GnomeUI-WARNING **: While connecting to session manager:
None of the authentication protocols specified are supported.
Oh, and it said that in my xterm.
The workaround, as I understand it, is the proper way to configure things like the simple-greeter now. I had tried it but was missing the "--config-source xml:readwrite:/etc/gconf/gconf.xml.defaults" and wound up modifying root's personal configuration which does nothing to the simple-greeter.
BUT now the simple greeter displays "other" and no longer keeps the default desktop, if you have more than one configured, for the user. The user has to enter their user name, enter their password, go to the bottom of the screen and select the desktop that is wanted if other than the default, and then log in.
It is safer that the users are not shown on the simple-greeter, but using "other" instead of the user name entered to select the desktop is inconvenient. I hope this will be fixed in a revision. If there is not a bug on this subject, I will file one.
I couldn't agree more. The new GDM just plain sucks. It is has been here for 3 releases now - and is still incomplete. That grey login box is dead ugly, and you can't theme it. It shows a list of users but not the icons next to them if you have nfs folders. You can't get rid of the user list without going to gconf.

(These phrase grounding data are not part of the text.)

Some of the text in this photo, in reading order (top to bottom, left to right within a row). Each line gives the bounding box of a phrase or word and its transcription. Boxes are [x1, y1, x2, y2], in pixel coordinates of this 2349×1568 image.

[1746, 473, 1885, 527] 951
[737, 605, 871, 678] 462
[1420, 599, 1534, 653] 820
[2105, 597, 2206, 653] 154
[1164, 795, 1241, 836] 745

Since there is no configuration tool, you can't set autologin etc...
Why on earth are we using this new version??? I echo the original posters statement: the new gdm sucks!

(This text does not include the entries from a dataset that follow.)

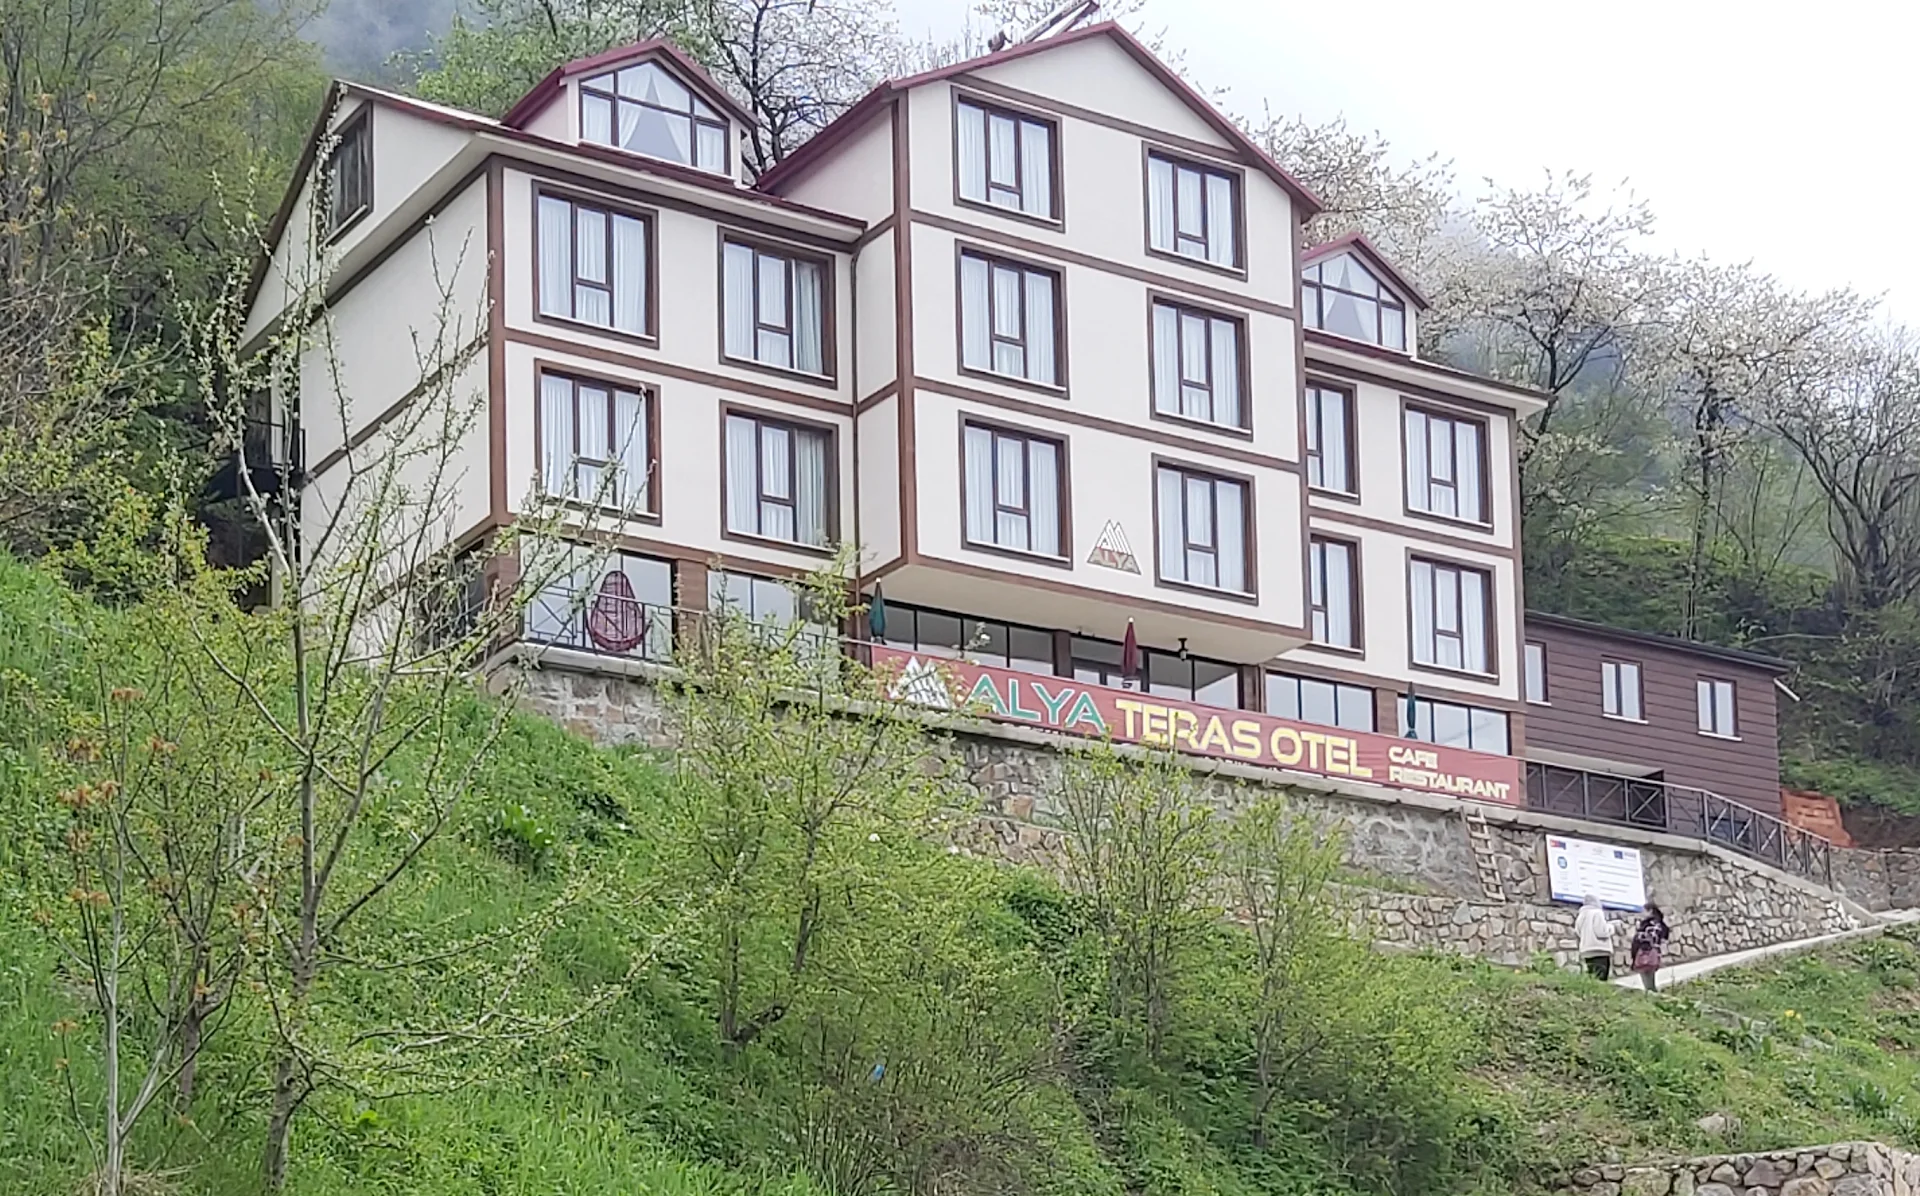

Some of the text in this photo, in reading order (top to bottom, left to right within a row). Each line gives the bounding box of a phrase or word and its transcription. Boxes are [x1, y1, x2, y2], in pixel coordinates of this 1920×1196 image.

[964, 673, 1373, 778] ALYA TERAS OTEL
[1388, 746, 1438, 769] CAFE
[1388, 769, 1511, 800] RESTAURANT
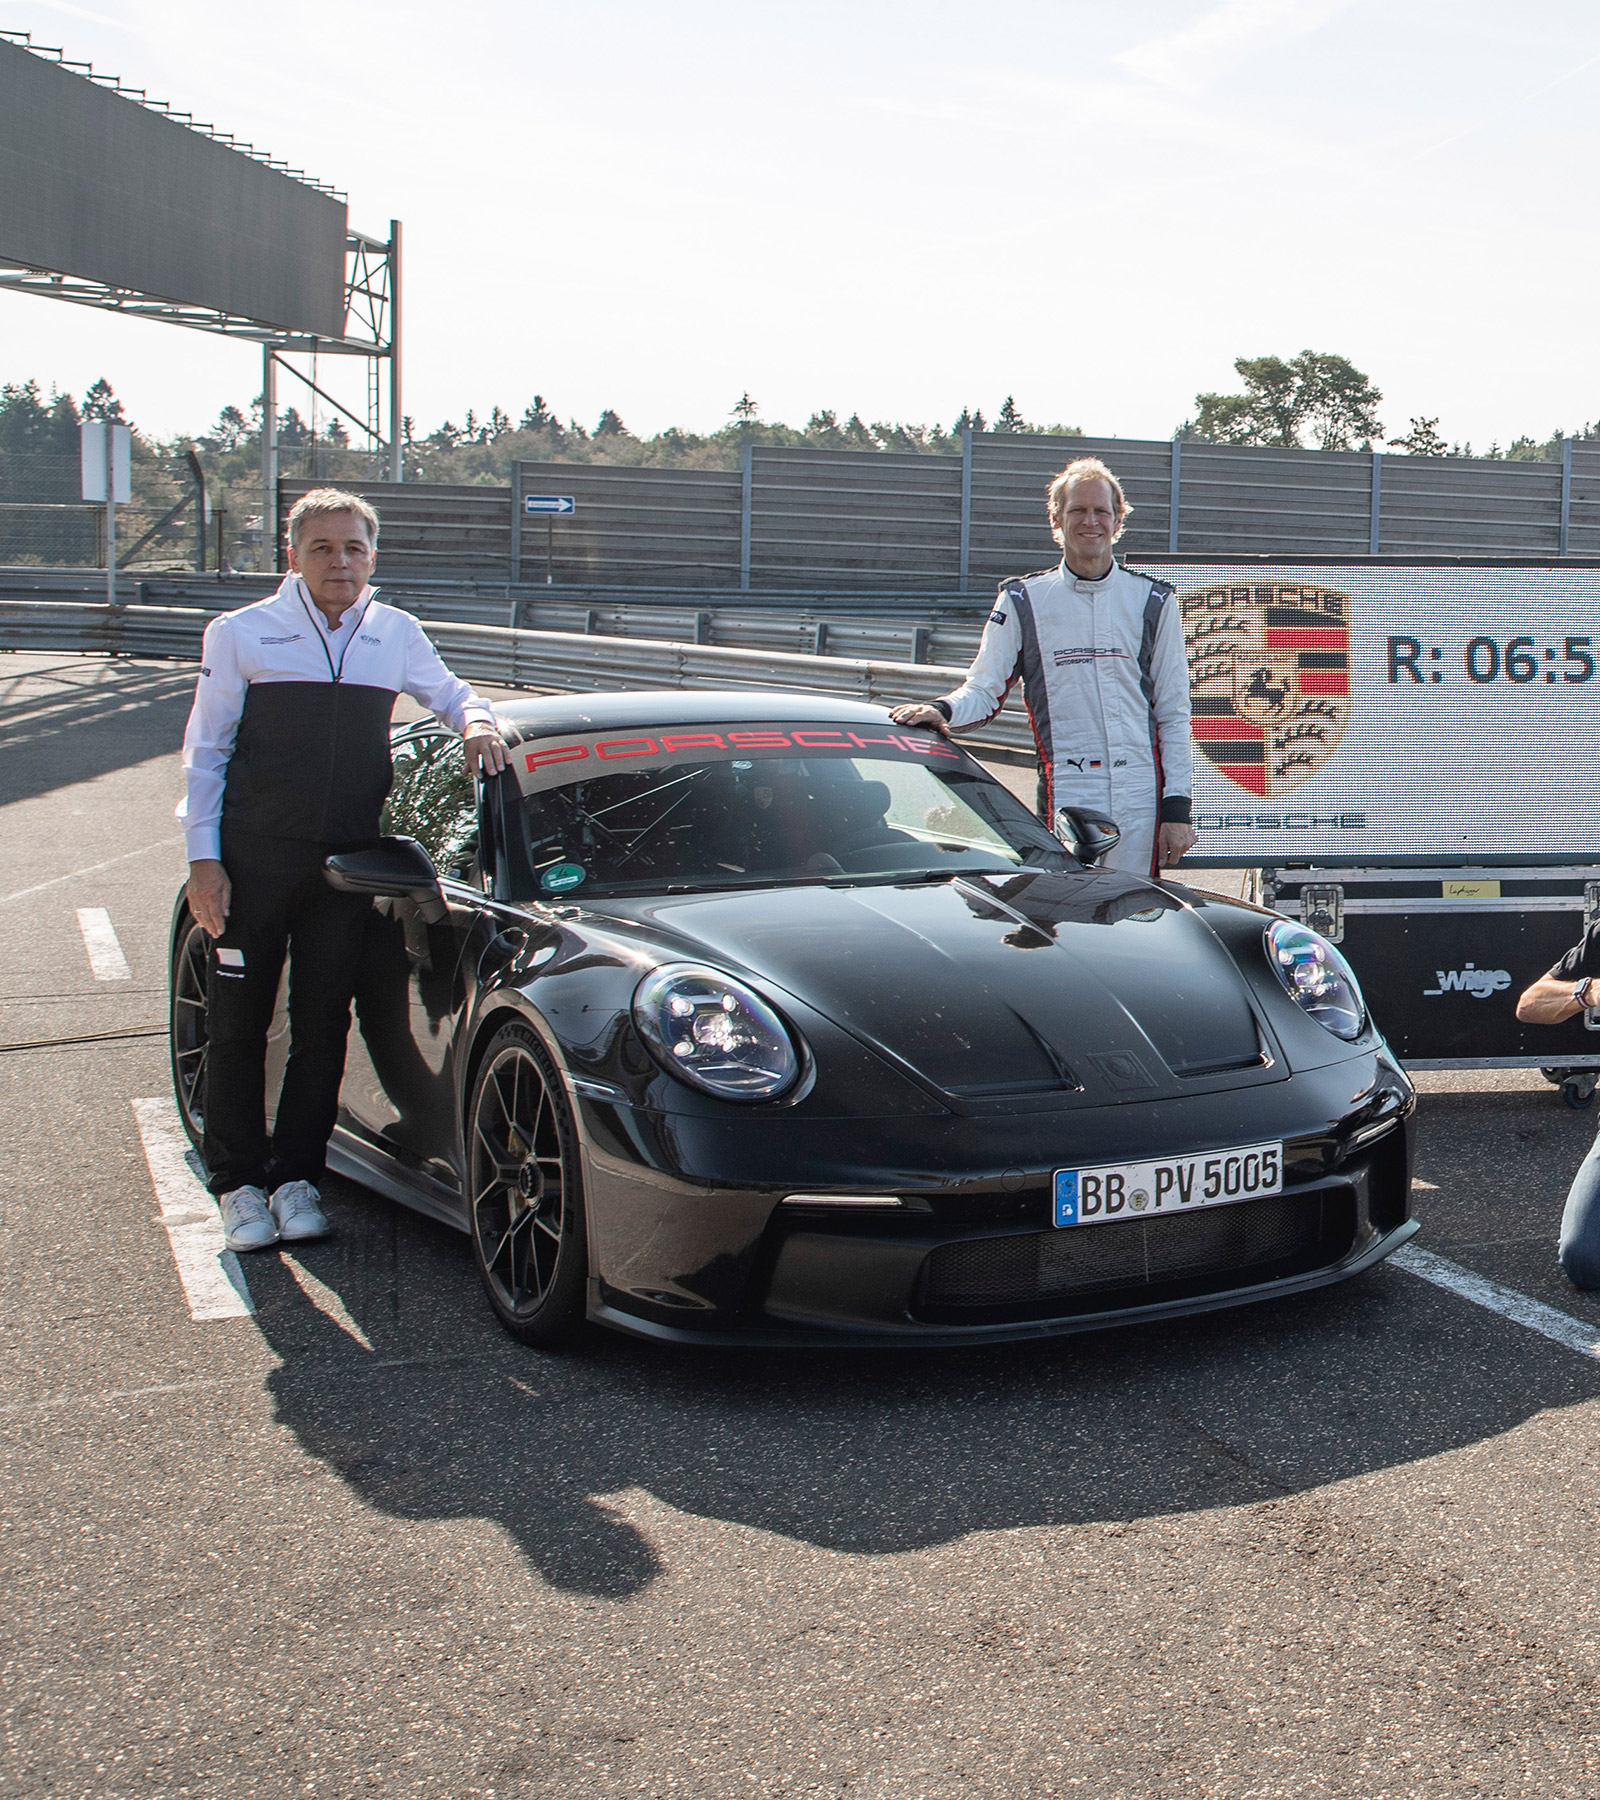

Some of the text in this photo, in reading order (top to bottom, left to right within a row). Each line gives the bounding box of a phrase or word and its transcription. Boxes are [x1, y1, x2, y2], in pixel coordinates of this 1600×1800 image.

[1182, 586, 1344, 618] PORSCHE
[1053, 647, 1123, 657] PORSCHE
[1056, 658, 1093, 667] MOTORSPORT
[1387, 636, 1442, 684] R:
[524, 730, 960, 773] PORSCHE
[1190, 812, 1367, 831] ORSCHE
[1081, 1149, 1278, 1216] BB PV 5005

This message is a reminder that Fedora 9 is nearing its end of life.
Approximately 30 (thirty) days from now Fedora will stop maintaining
and issuing updates for Fedora 9. It is Fedora's policy to close all
bug reports from releases that are no longer maintained. At that time
this bug will be closed as WONTFIX if it remains open with a Fedora
'version' of '9'.
Package Maintainer: If you wish for this bug to remain open because you
plan to fix it in a currently maintained version, simply change the 'version'
to a later Fedora version prior to Fedora 9's end of life.
Bug Reporter: Thank you for reporting this issue and we are sorry that
we may not be able to fix it before Fedora 9 is end of life. If you
would still like to see this bug fixed and are able to reproduce it
against a later version of Fedora please change the 'version' of this
bug to the applicable version. If you are unable to change the version,
please add a comment here and someone will do it for you.

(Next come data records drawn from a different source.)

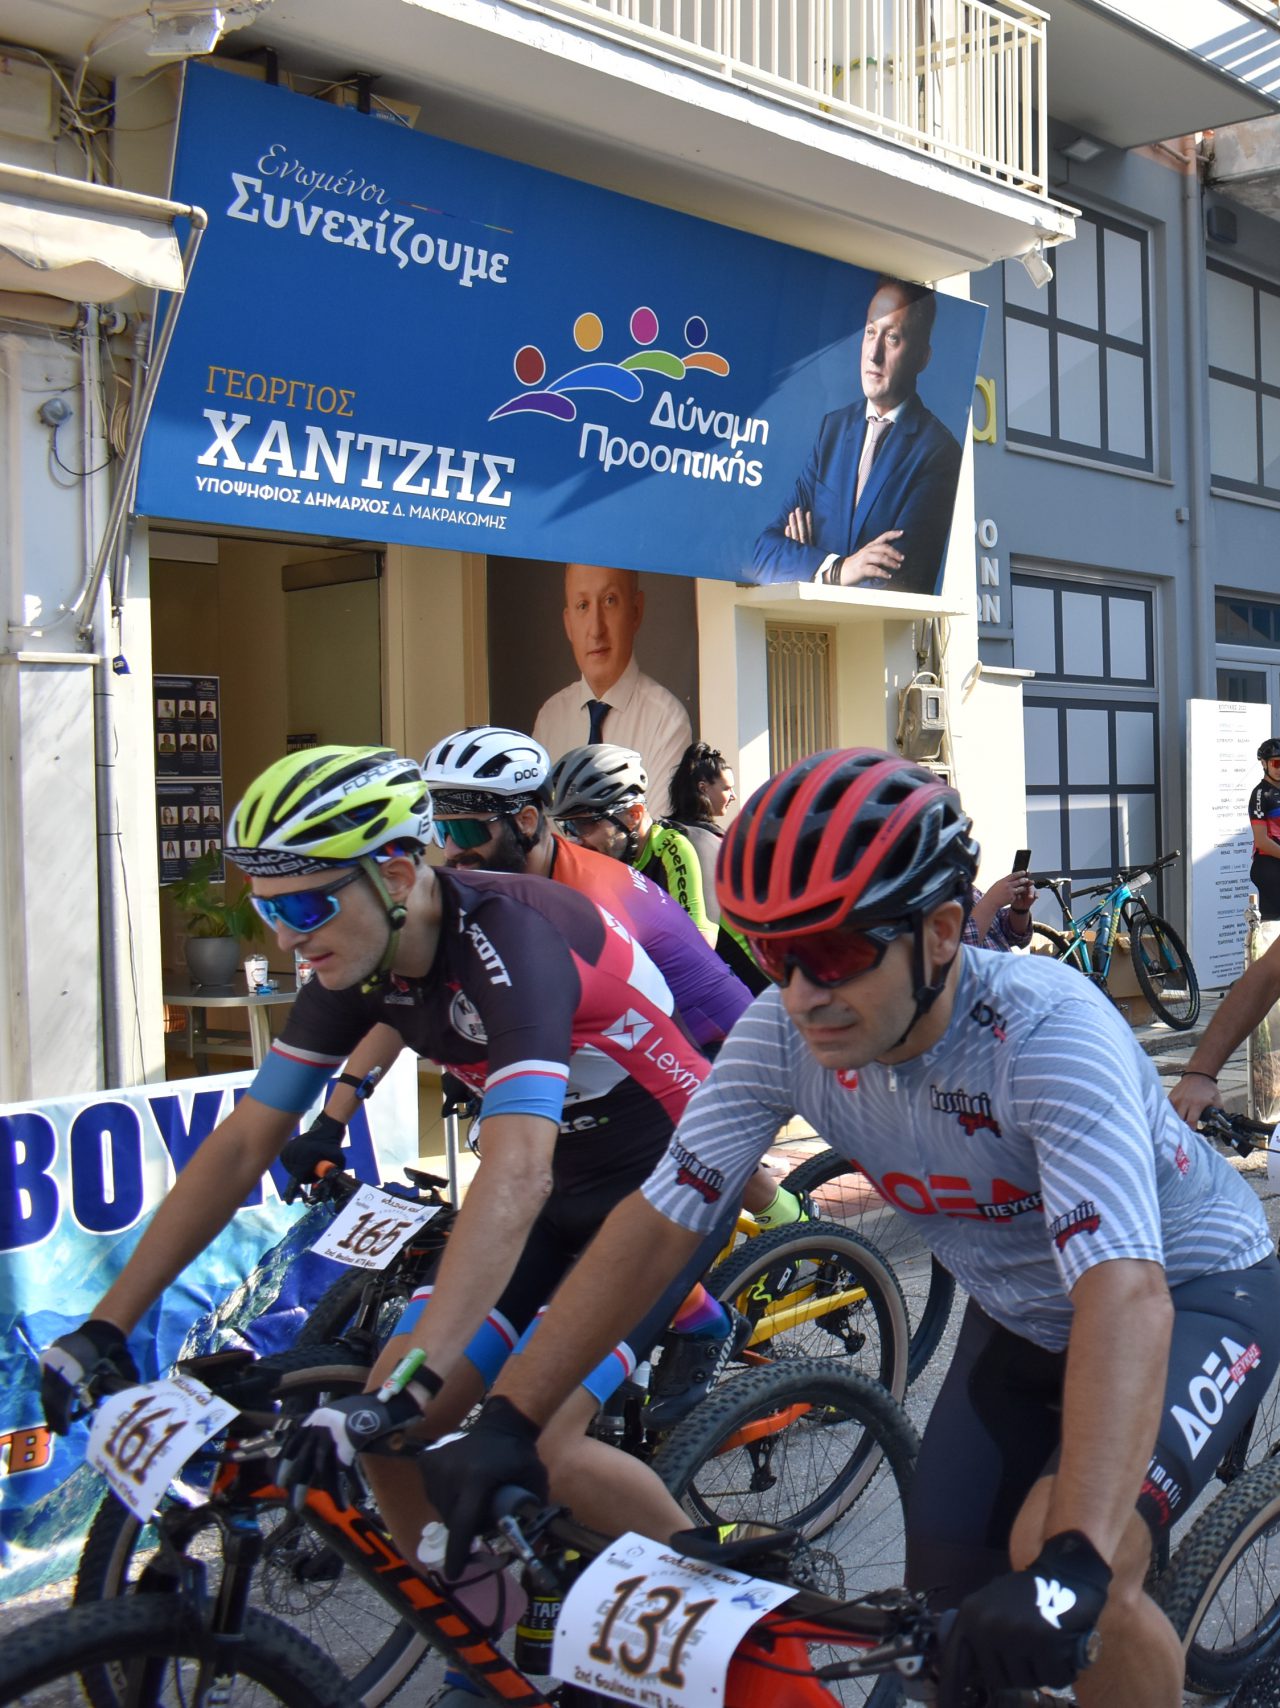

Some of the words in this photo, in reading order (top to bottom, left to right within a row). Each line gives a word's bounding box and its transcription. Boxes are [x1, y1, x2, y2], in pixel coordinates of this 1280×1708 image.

[257, 143, 391, 205] Ενωμένοι
[227, 171, 509, 287] Συνεχίζουμε
[206, 365, 355, 417] ΓΕΩΡΓΙΟΣ
[650, 391, 769, 449] Δύναμη
[197, 408, 515, 507] ΧΑΝΤΖΗΣ
[579, 423, 763, 487] Προοπτικής
[196, 476, 301, 504] ΥΠΟΨΗΦΙΟΣ
[304, 492, 390, 514] ΔΗΜΑΡΧΟΣ
[392, 503, 405, 517] Δ.
[409, 505, 507, 529] ΜΑΚΡΑΚΩΜΗΣ
[342, 763, 397, 796] FORCE
[466, 922, 512, 987] SCOTT
[644, 1037, 701, 1096] Lexm
[337, 1211, 413, 1257] 165
[984, 1192, 1042, 1218] ΠΕΥΚΗ
[1170, 1337, 1262, 1460] ΔΟΞΑ
[104, 1395, 190, 1486] 161
[589, 1575, 718, 1690] 131

Although we aim to fix as many bugs as possible during every release's
lifetime, sometimes those efforts are overtaken by events. Often a
more recent Fedora release includes newer upstream software that fixes
bugs or makes them obsolete.
The process we are following is described here:
This is still present in Fedora 11, though it's now possible to find documentation <http://live.gnome.org/GDM/2.22/Configuration> via <http://fedoraproject.org/wiki/Features/NewGdm#Documentation>
Fedora 9 changed to end-of-life (EOL) status on 2009-07-10. Fedora 9 is
no longer maintained, which means that it will not receive any further
security or bug fix updates. As a result we are closing this bug.
If you can reproduce this bug against a currently maintained version of
Fedora please feel free to reopen this bug against that version.
Thank you for reporting this bug and we are sorry it could not be fixed.
From other reports, this appears to be successfully configurable now in Fedora 11, 12, and 13.
Bah... successfully configurable... only if you Google to Comment 9 and come up with:
gconftool-2 --config-source xml:readwrite:/etc/gconf/gconf.xml.defaults --direct --type bool --set /apps/gdm/simple-greeter/disable_user_list true
Fedora 12... esle teh fail.
(In reply to comment #17)
> Fedora 12... esle teh fail.
This workaround works in RHEL6 too, as RHEL6 is based off of Fedora 12.
This ticket should be reopened under RHEL 6.
Furthermore, since this is sort of a security/privacy issue, and RHEL6 is for the "enterprise", shouldn't this be fixed?